As the preparations for the Botswana Democratic Party (BDP) congress are about to kick off, reports on the ground suggest that the party’s Deputy Treasurer Jackdish Shah will not defend the position in August as he contemplates relocation.

According to sources, the businessman who joined the BDP Central Committee in 2015 at the 36th Congress held in Mmadinare is ready to leave the party’s politburo. It is said he long made up his mind not to defend the position last year. A prominent businessman, Shah, when he won the position to assist Satar Dada in 2015 was expected to improve the party’s financial vibrancy. By then the party was under the leadership of Ian Khama.

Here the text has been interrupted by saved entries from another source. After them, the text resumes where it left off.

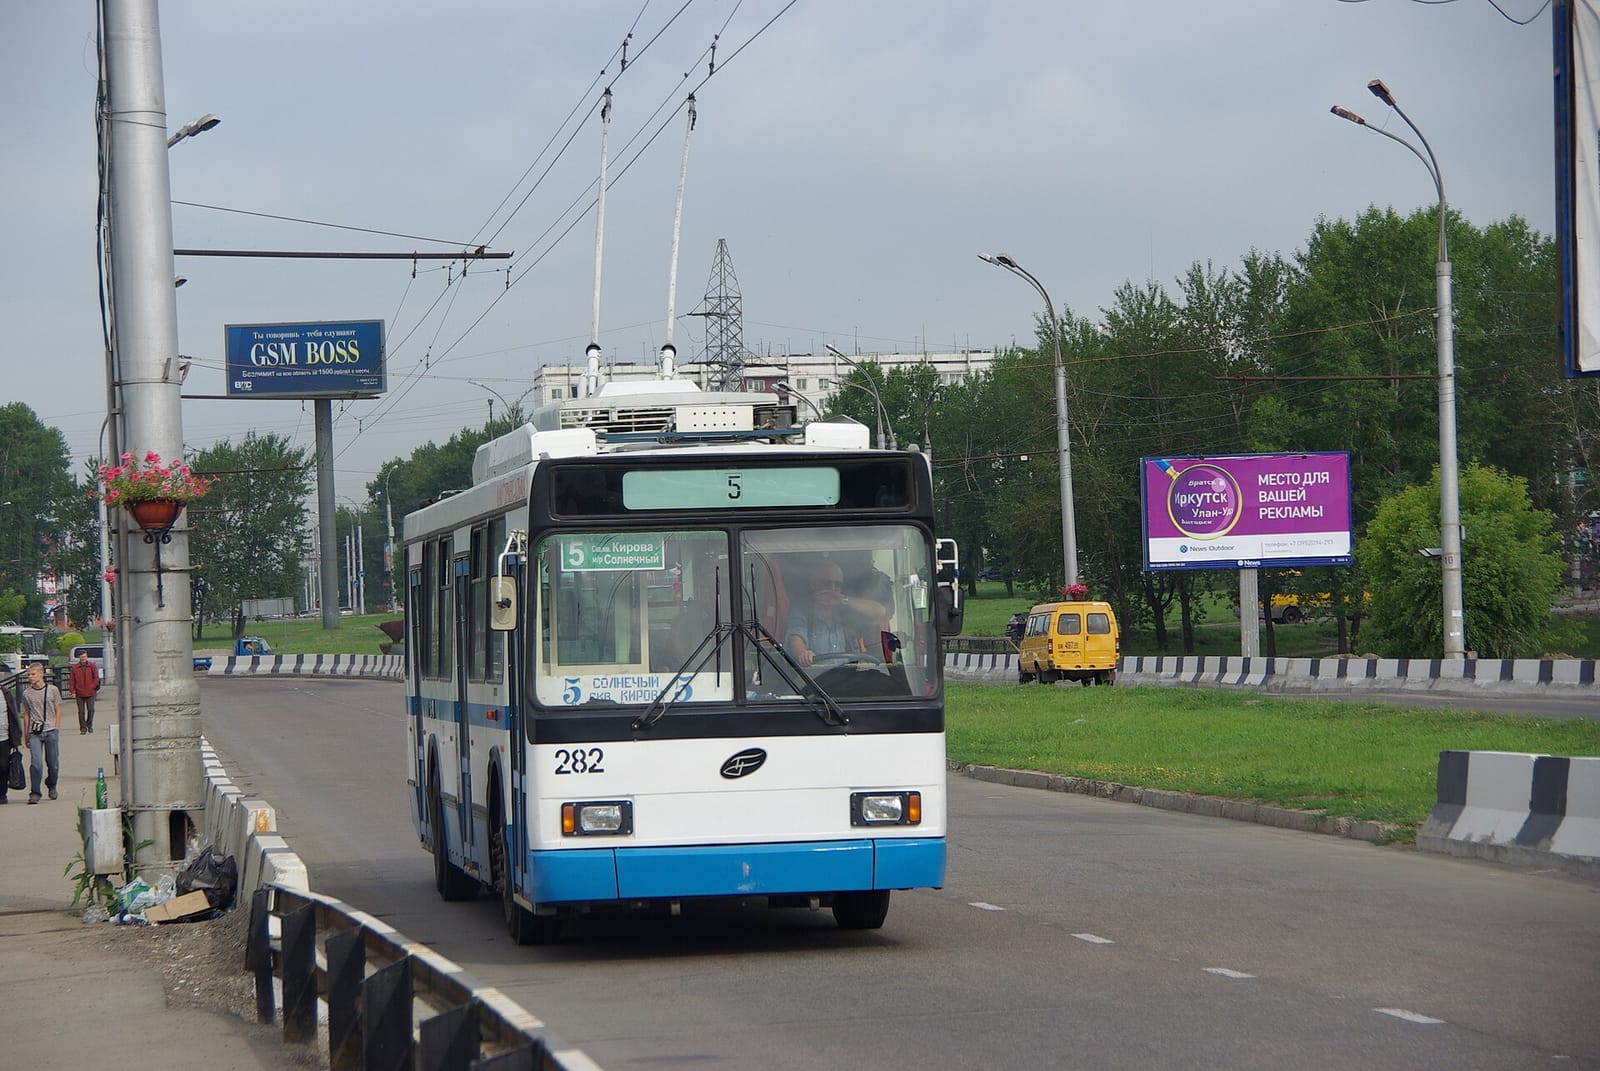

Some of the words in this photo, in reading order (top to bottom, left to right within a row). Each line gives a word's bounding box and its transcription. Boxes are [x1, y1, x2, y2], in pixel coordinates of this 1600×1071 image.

[253, 331, 264, 339] Ты
[306, 329, 323, 338] тебя
[251, 342, 298, 366] GSM
[305, 340, 360, 365] BOSS
[242, 370, 275, 378] Безлимит
[728, 475, 741, 499] 5
[1258, 473, 1301, 486] МЕСТО
[1302, 472, 1330, 487] ДЛЯ
[1174, 491, 1228, 508] Иркутск
[1258, 487, 1306, 503] ВАШЕЙ
[1259, 505, 1323, 519] РЕКЛАМЫ
[568, 541, 585, 566] 5
[612, 542, 654, 554] Кирова
[604, 553, 659, 565] Солнечный
[563, 678, 582, 704] 5
[674, 676, 693, 702] 5
[554, 748, 605, 775] 282

According to close sources, Shah long decided not to contest because he has fallen out of favour with the party leadership. It is said he took the decision after some prominent businessmen who are BDP members and part of football syndicate decided to push him out and they used their proximity to President Mokgweetsi Masisi to badmouth him hence the decision.

“The fight at the Botswana Football Association (BFA) and Botswana Football League (BFL) has left him alone in the desert and some faces there used their close access to the President to isolate him,” said a source. Media reports say, Shah does not see eye to eye with BFA President MacLean Letshwiti who is also Masisi’s buddy hence the decision.

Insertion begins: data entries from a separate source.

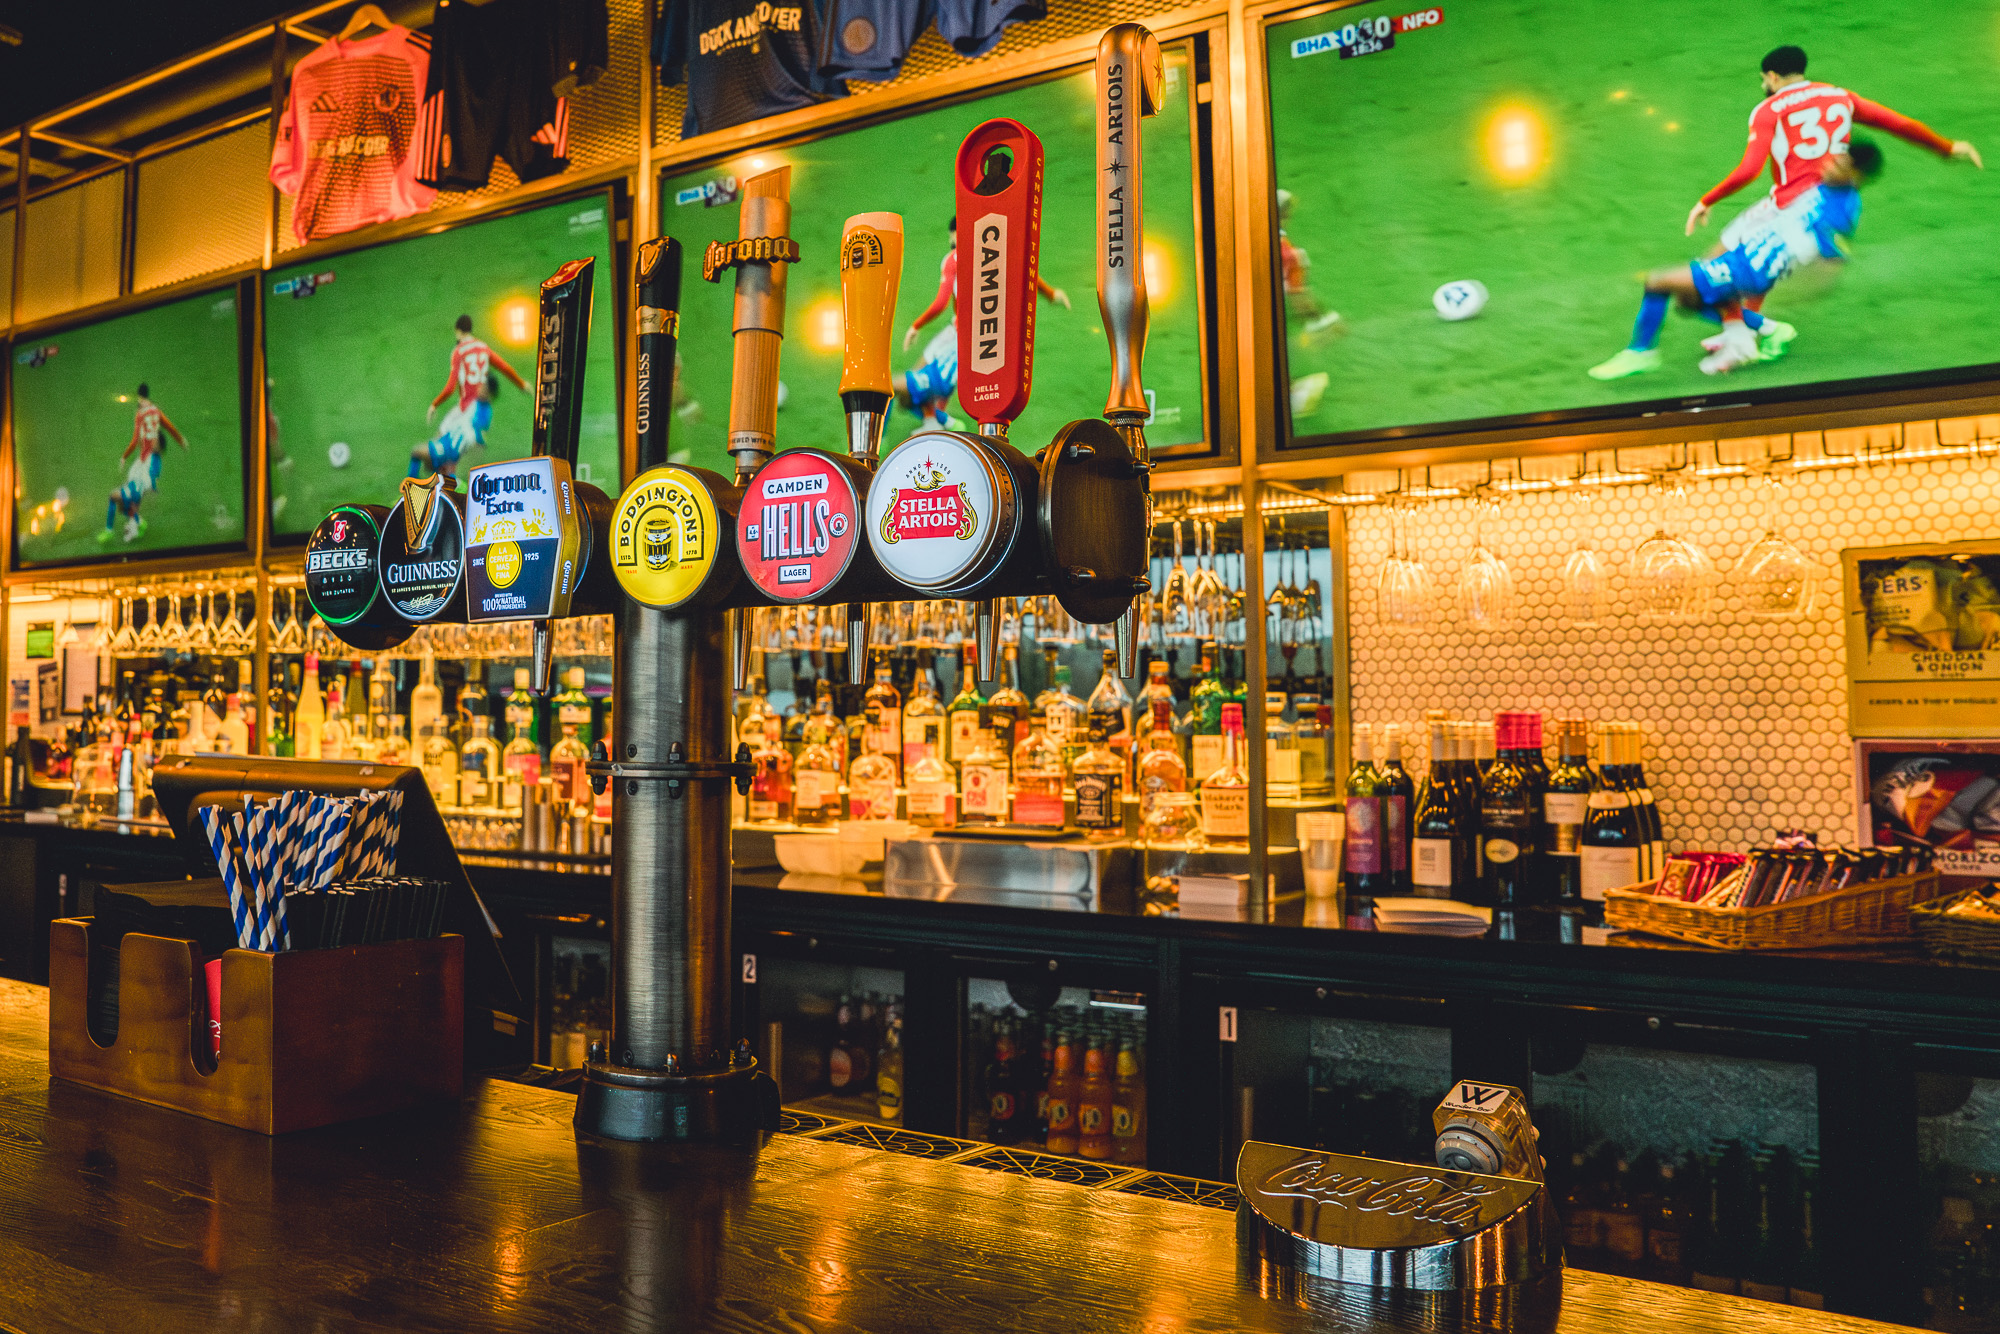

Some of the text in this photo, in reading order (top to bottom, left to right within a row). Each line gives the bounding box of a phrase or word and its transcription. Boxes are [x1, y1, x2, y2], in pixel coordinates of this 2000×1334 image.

[1297, 9, 1440, 54] BHA 0 0 NFO
[1792, 102, 1851, 161] 32
[1107, 63, 1124, 268] STELLA ARTOIS
[1032, 158, 1042, 231] CAMDEN
[979, 225, 1000, 361] CAMDEN
[1023, 302, 1033, 392] BREWERY
[636, 353, 650, 435] GUINNESS
[974, 392, 1000, 402] LAGER
[975, 384, 999, 394] HELLS
[471, 472, 542, 503] Corona
[767, 479, 823, 494] CAMDEN
[484, 497, 524, 516] Extra
[561, 481, 571, 515] Corona
[899, 497, 957, 513] STELLA
[620, 487, 697, 546] BODDINGTONS
[898, 512, 957, 529] ARTOIS
[761, 499, 830, 561] HELLS
[309, 549, 367, 570] BECK'S
[472, 552, 539, 566] SINCE 1925
[489, 554, 518, 563] CERVEZA
[496, 563, 510, 571] MAS
[387, 560, 458, 583] GUINNESS
[495, 571, 511, 580] FINA
[562, 560, 572, 595] Corona
[783, 569, 807, 577] LAGER
[1912, 652, 1986, 662] CHEDDAR
[1928, 663, 1983, 671] ONION
[745, 957, 755, 979] 2
[1224, 1010, 1233, 1038] 1
[1255, 1160, 1506, 1227] Coca-Cola

BFL Chairman Nicholas Zackhem is said to be not in good terms with Shah, who at one point Chaired the then Botswana Premier League (BPL). “He is seriously considering quitting because of what is unfolding at the team (Township Rollers) which is slowly not making financial gains and might be relegated and he wants to sell while it is still worth the investment,” said a highly placed source.

Shah is a renowned businessman who runs internet providing company Zebra net, H &G, game farm in Kasane, cattle farm in Ghanzi region and lot of properties in Gaborone. He also has two hotels in USA, his advisors have given him thumbs up on the possible decision of relocating provided he does not sell some of the investments that are doing well.

Asked about whether he will be contesting Shah could not confirm nor deny the reports. It is said for now it is too early as a public decision will have to be taken after the national council meeting and prior to the national congress. “As a BDP Central Committee member he cannot make that announcement now,” a BDP source said.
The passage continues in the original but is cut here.